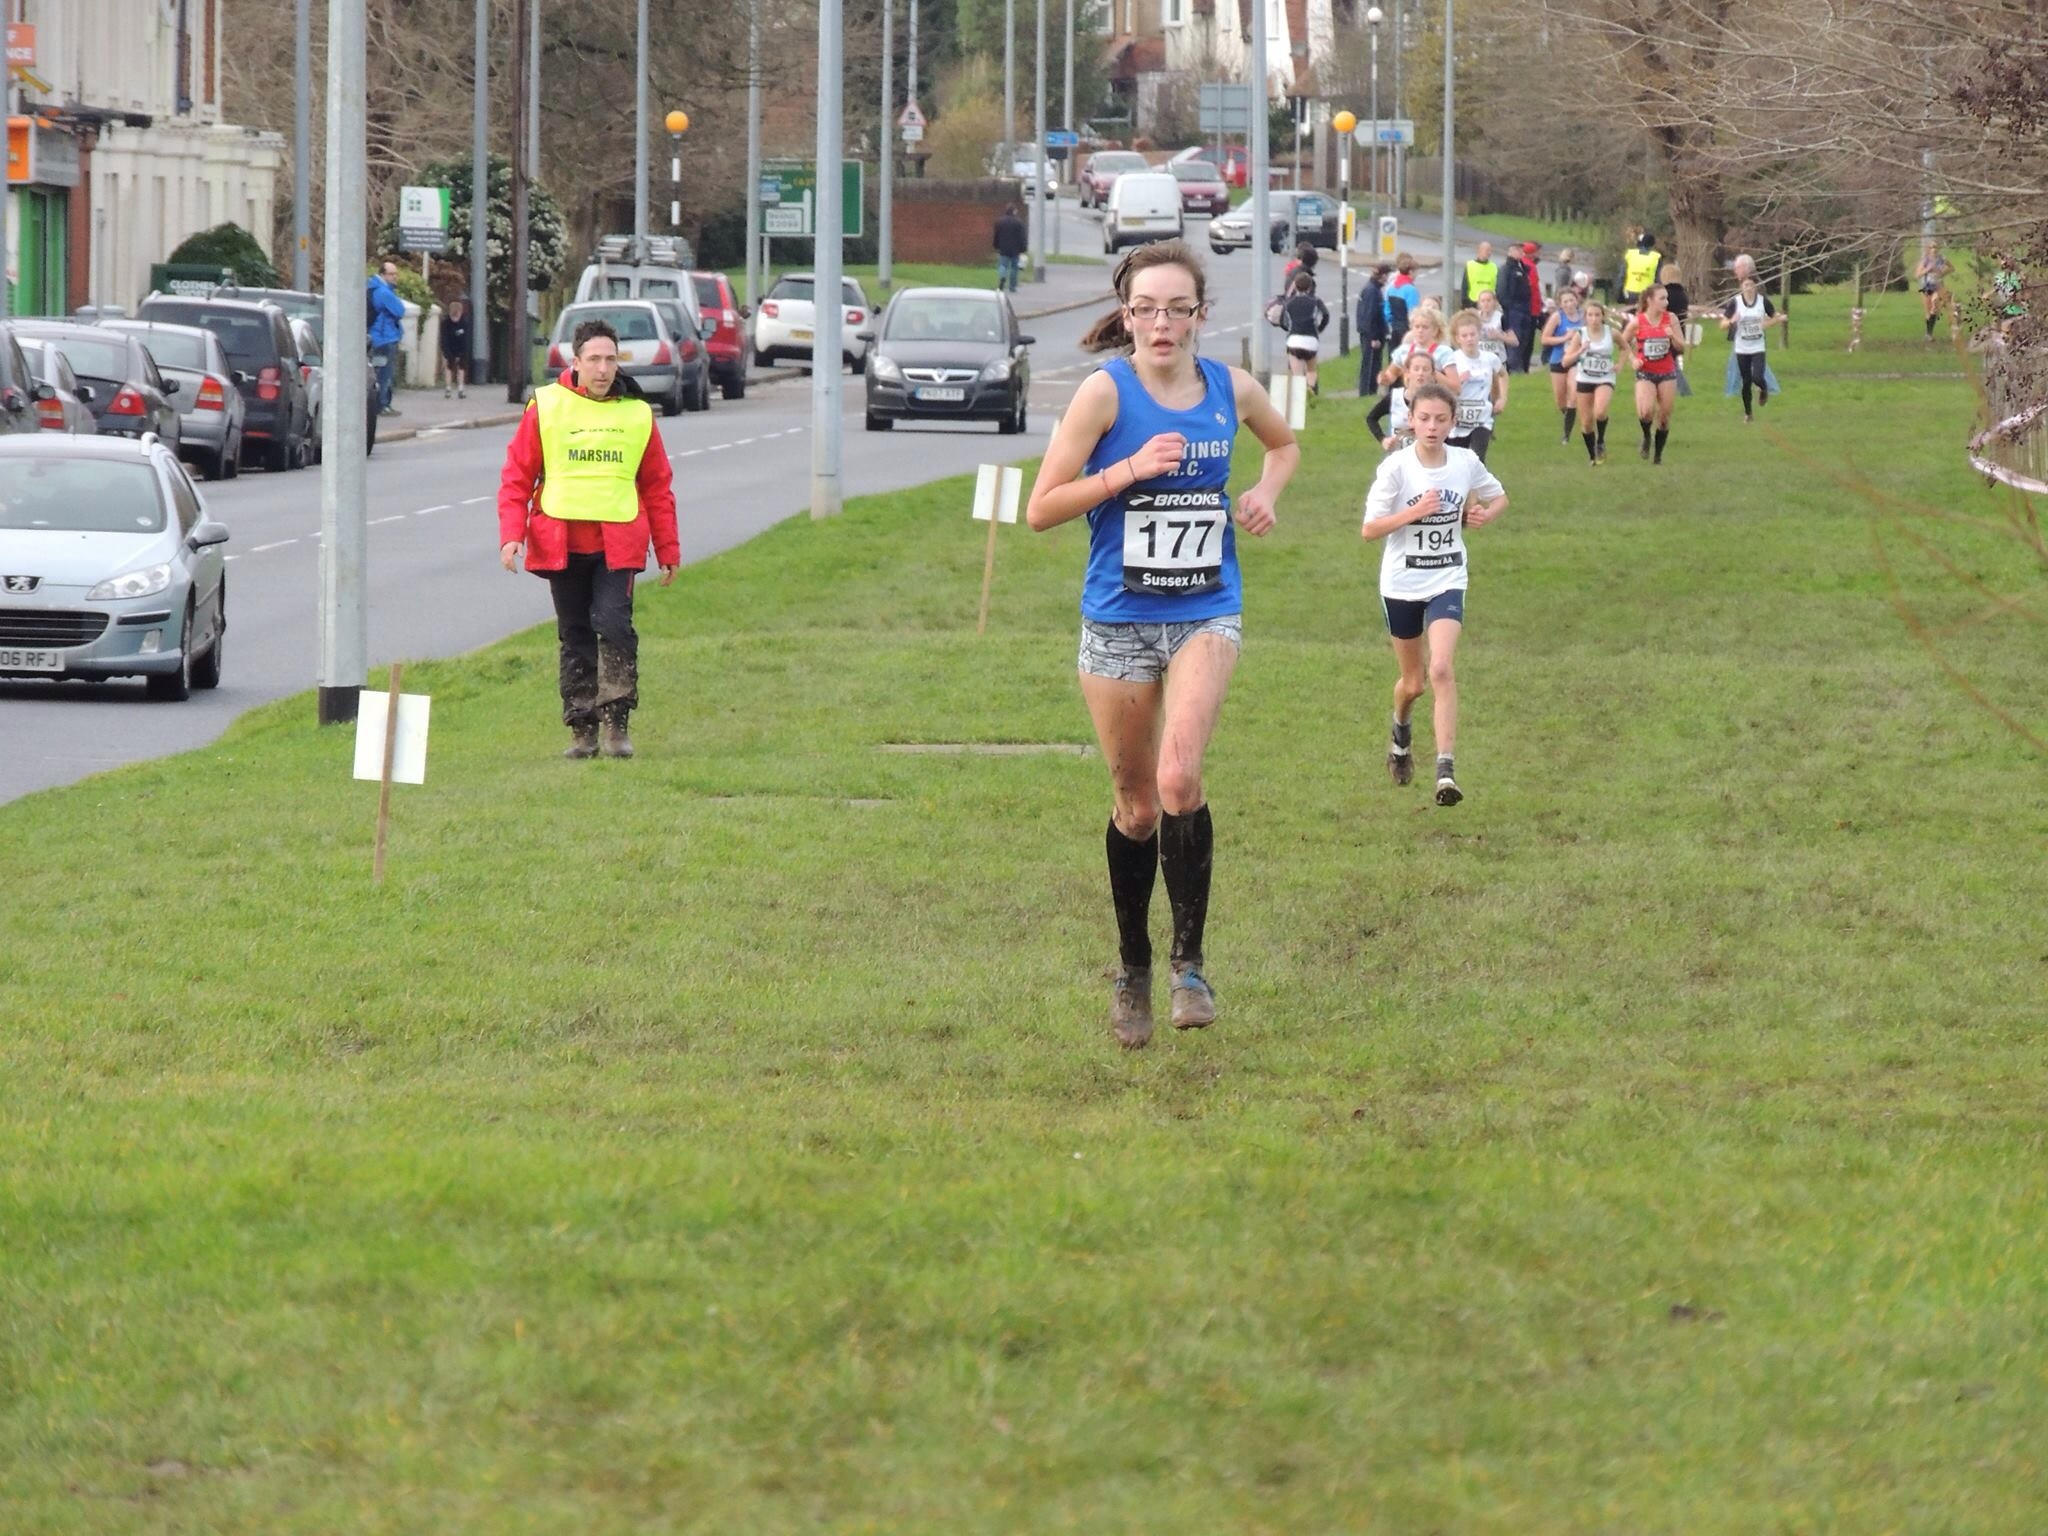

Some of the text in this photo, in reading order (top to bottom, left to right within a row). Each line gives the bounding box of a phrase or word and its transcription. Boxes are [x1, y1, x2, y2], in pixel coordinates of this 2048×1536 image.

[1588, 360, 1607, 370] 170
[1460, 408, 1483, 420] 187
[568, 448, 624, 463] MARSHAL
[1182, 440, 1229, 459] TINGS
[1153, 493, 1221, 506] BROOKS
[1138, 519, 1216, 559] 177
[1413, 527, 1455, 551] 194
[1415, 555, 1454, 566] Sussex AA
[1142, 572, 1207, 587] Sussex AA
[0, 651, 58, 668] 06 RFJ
........
Retype all the entries exactly; drop the pictures.

= ANSWER FOR THIS EXERCISE =
Some of the text in this photo, in reading order (top to bottom, left to right within a row). Each line gives the bounding box of a phrase or word and its transcription. Boxes are [x1, y1, x2, y2], in pixel coordinates of this 2048×1536 image.

[1588, 360, 1607, 370] 170
[1460, 408, 1483, 420] 187
[568, 448, 624, 463] MARSHAL
[1182, 440, 1229, 459] TINGS
[1153, 493, 1221, 506] BROOKS
[1138, 519, 1216, 559] 177
[1413, 527, 1455, 551] 194
[1415, 555, 1454, 566] Sussex AA
[1142, 572, 1207, 587] Sussex AA
[0, 651, 58, 668] 06 RFJ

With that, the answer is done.